--- START ---

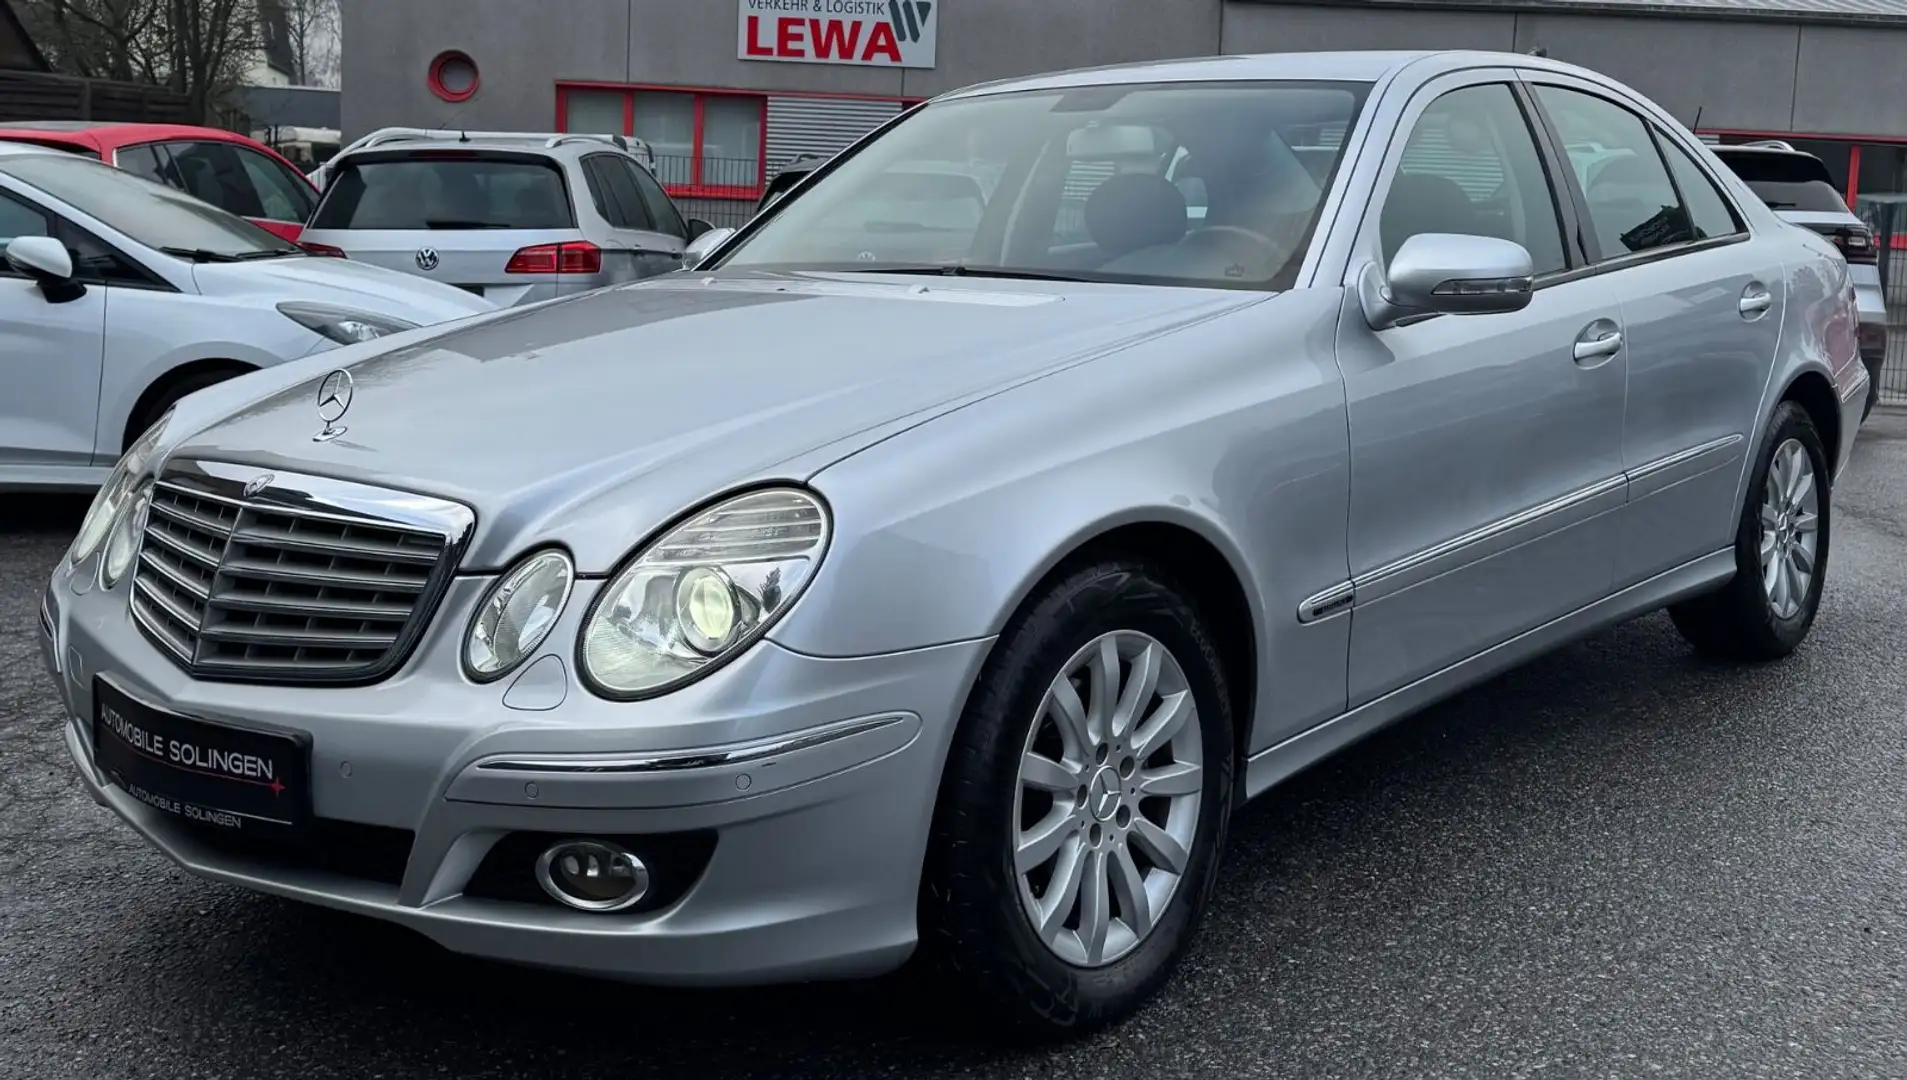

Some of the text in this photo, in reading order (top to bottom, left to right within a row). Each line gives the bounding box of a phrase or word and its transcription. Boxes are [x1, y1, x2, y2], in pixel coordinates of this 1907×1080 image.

[748, 0, 885, 15] VERKEHR & LOGISTIK
[747, 15, 902, 62] LEWA
[100, 703, 274, 780] AUTOMOBILE SOLINGEN
[128, 784, 242, 829] AUTOMOBILE SOLINGEN
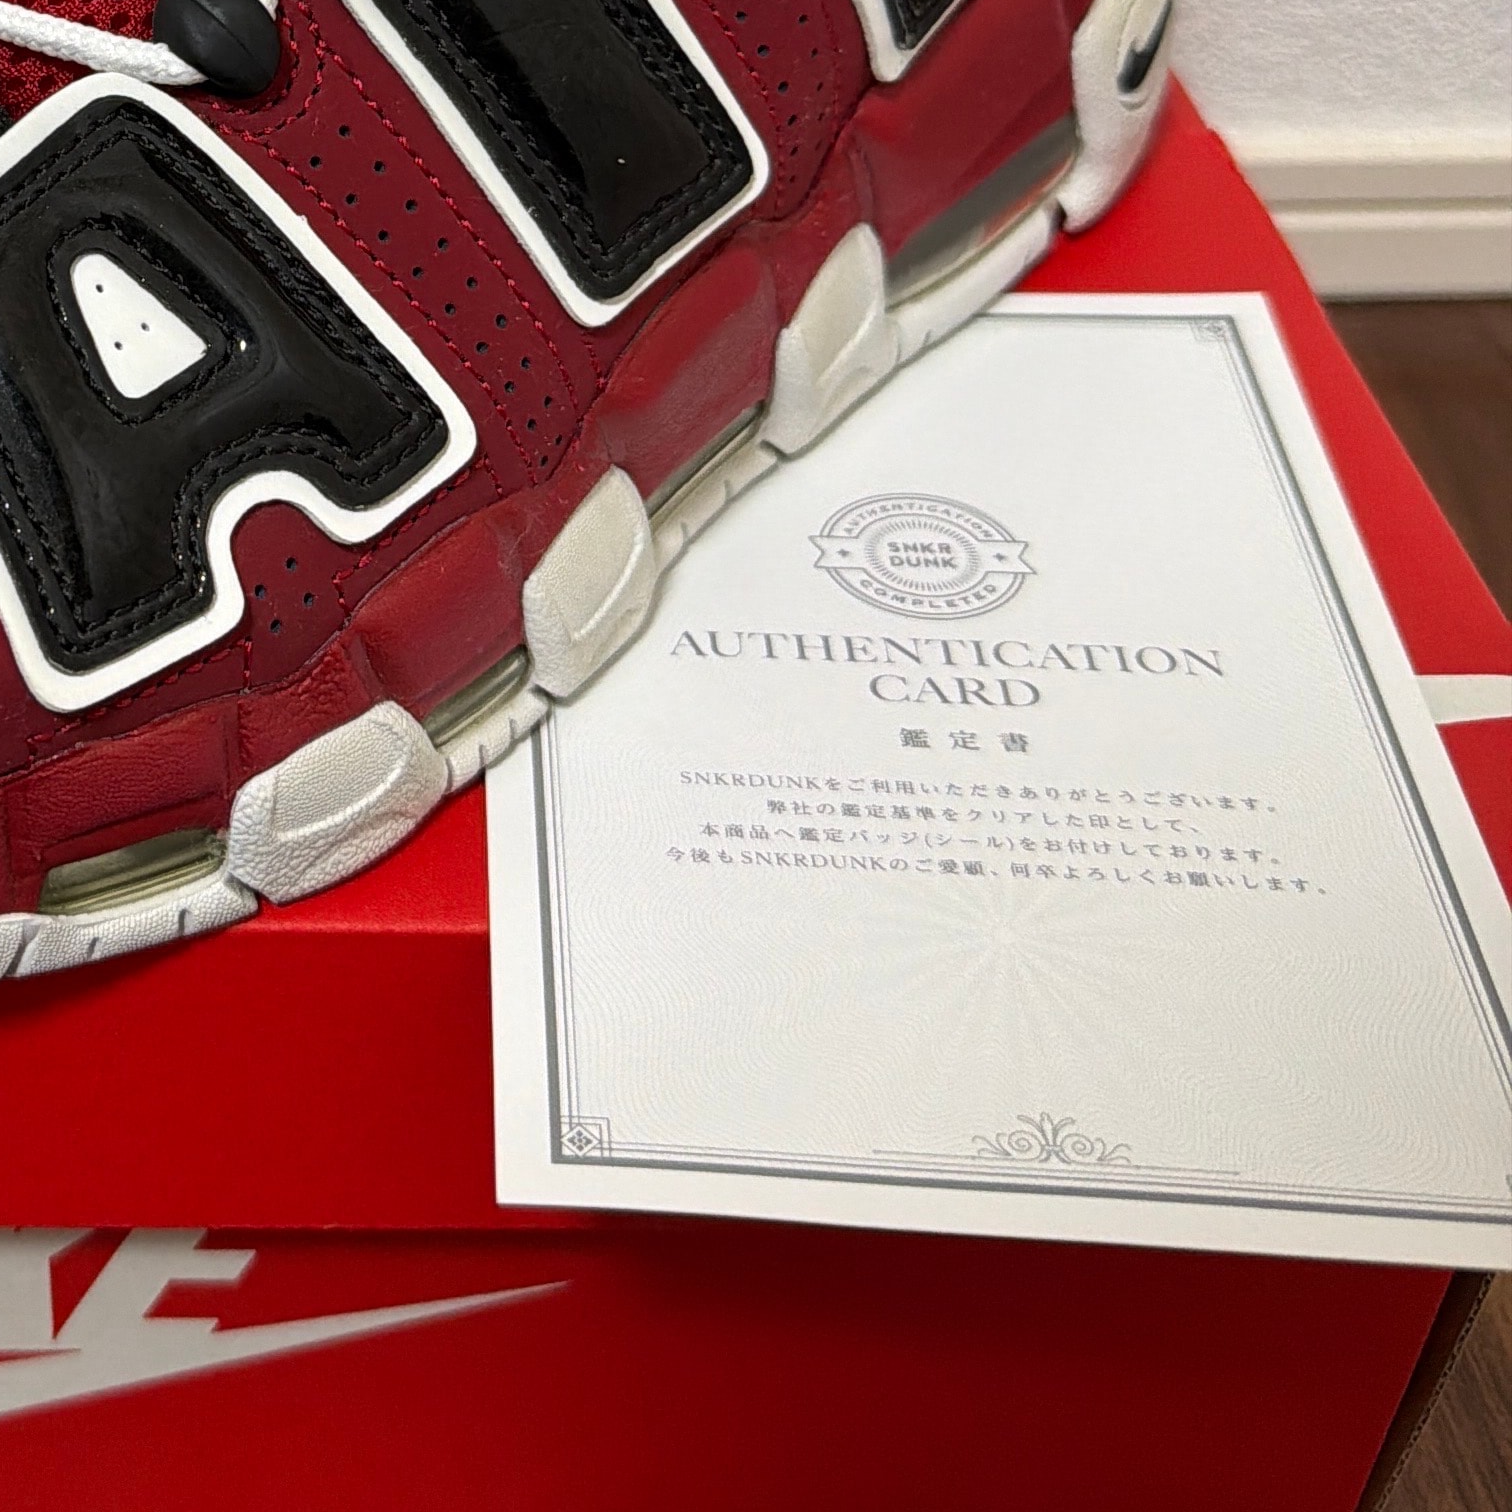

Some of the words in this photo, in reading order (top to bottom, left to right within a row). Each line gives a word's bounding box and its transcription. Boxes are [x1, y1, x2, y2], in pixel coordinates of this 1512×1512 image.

[843, 502, 994, 538] AUTHENTICATION
[886, 541, 952, 555] SNKR
[889, 555, 958, 570] DUNK
[859, 578, 997, 609] COMPLETED
[670, 629, 1227, 678] AUTHENTICATION
[868, 674, 1042, 708] CARD
[899, 727, 1030, 753] 鑑定書
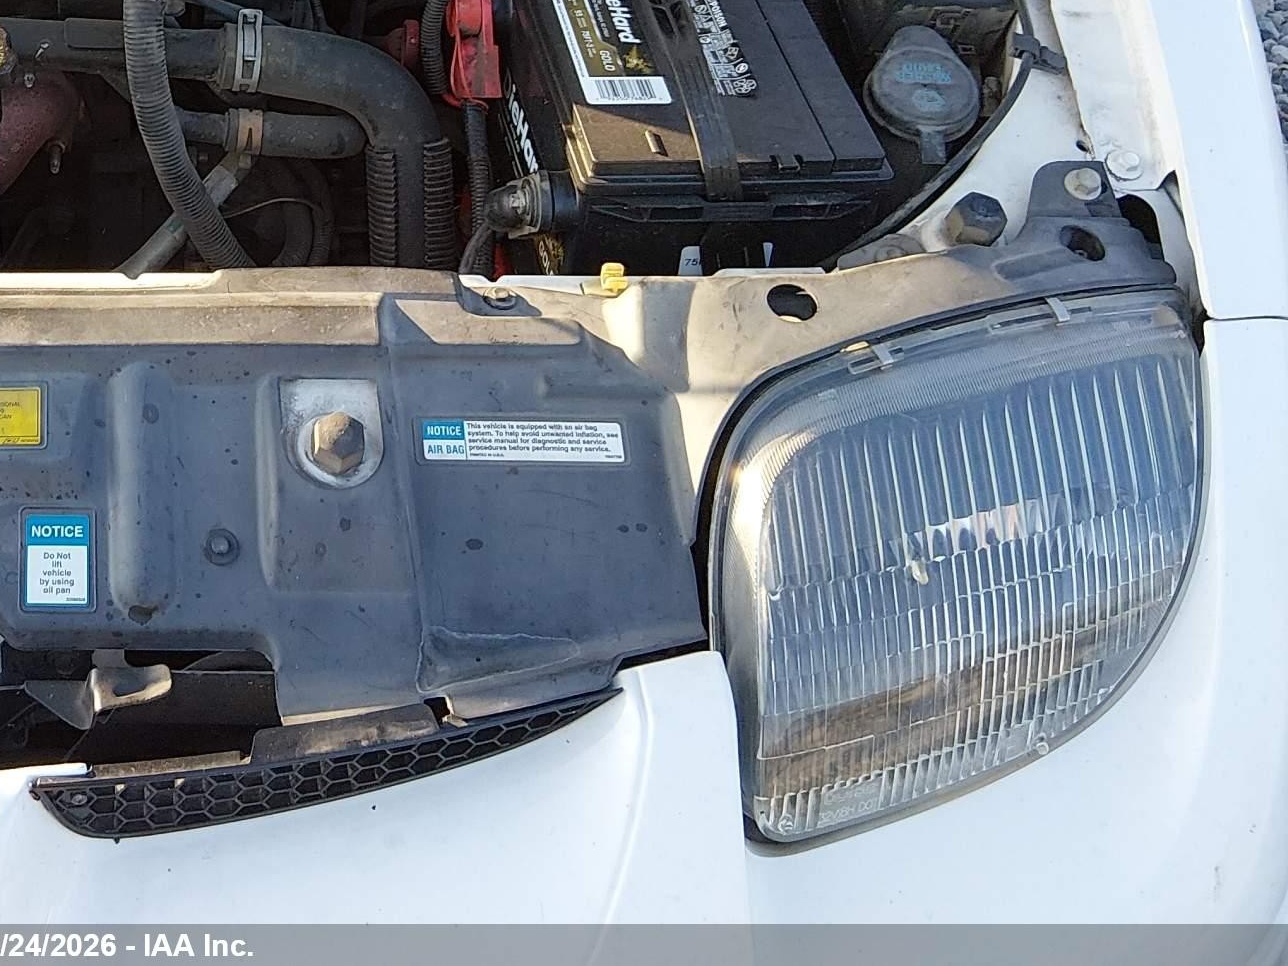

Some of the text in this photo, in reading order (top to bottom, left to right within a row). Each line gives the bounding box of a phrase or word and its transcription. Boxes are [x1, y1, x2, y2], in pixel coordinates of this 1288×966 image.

[600, 50, 615, 72] GOLD
[504, 68, 539, 173] DieHar
[427, 425, 461, 436] NOTICE
[468, 431, 493, 439] system.
[506, 430, 519, 438] help
[532, 437, 566, 445] diagnostic
[428, 445, 464, 454] AIR BAG
[32, 526, 83, 538] NOTICE
[40, 578, 49, 586] by

--- END ---

Description of the task ▸ Type the records out again in full, exactly, with each picture omitted.

Solved problem ▸
Some of the text in this photo, in reading order (top to bottom, left to right within a row). Each line gives the bounding box of a phrase or word and its transcription. Boxes are [x1, y1, x2, y2], in pixel coordinates of this 1907×1080 image.

[748, 0, 885, 15] VERKEHR & LOGISTIK
[747, 15, 902, 62] LEWA
[100, 703, 274, 780] AUTOMOBILE SOLINGEN
[128, 784, 242, 829] AUTOMOBILE SOLINGEN

Some of the words in this photo, in reading order (top to bottom, left to right within a row). Each line gives a word's bounding box and its transcription. Boxes are [x1, y1, x2, y2], in pixel coordinates of this 1512×1512 image.

[843, 502, 994, 538] AUTHENTICATION
[886, 541, 952, 555] SNKR
[889, 555, 958, 570] DUNK
[859, 578, 997, 609] COMPLETED
[670, 629, 1227, 678] AUTHENTICATION
[868, 674, 1042, 708] CARD
[899, 727, 1030, 753] 鑑定書

Some of the text in this photo, in reading order (top to bottom, left to right within a row). Each line gives the bounding box of a phrase or word and its transcription. Boxes are [x1, y1, x2, y2], in pixel coordinates of this 1288×966 image.

[600, 50, 615, 72] GOLD
[504, 68, 539, 173] DieHar
[427, 425, 461, 436] NOTICE
[468, 431, 493, 439] system.
[506, 430, 519, 438] help
[532, 437, 566, 445] diagnostic
[428, 445, 464, 454] AIR BAG
[32, 526, 83, 538] NOTICE
[40, 578, 49, 586] by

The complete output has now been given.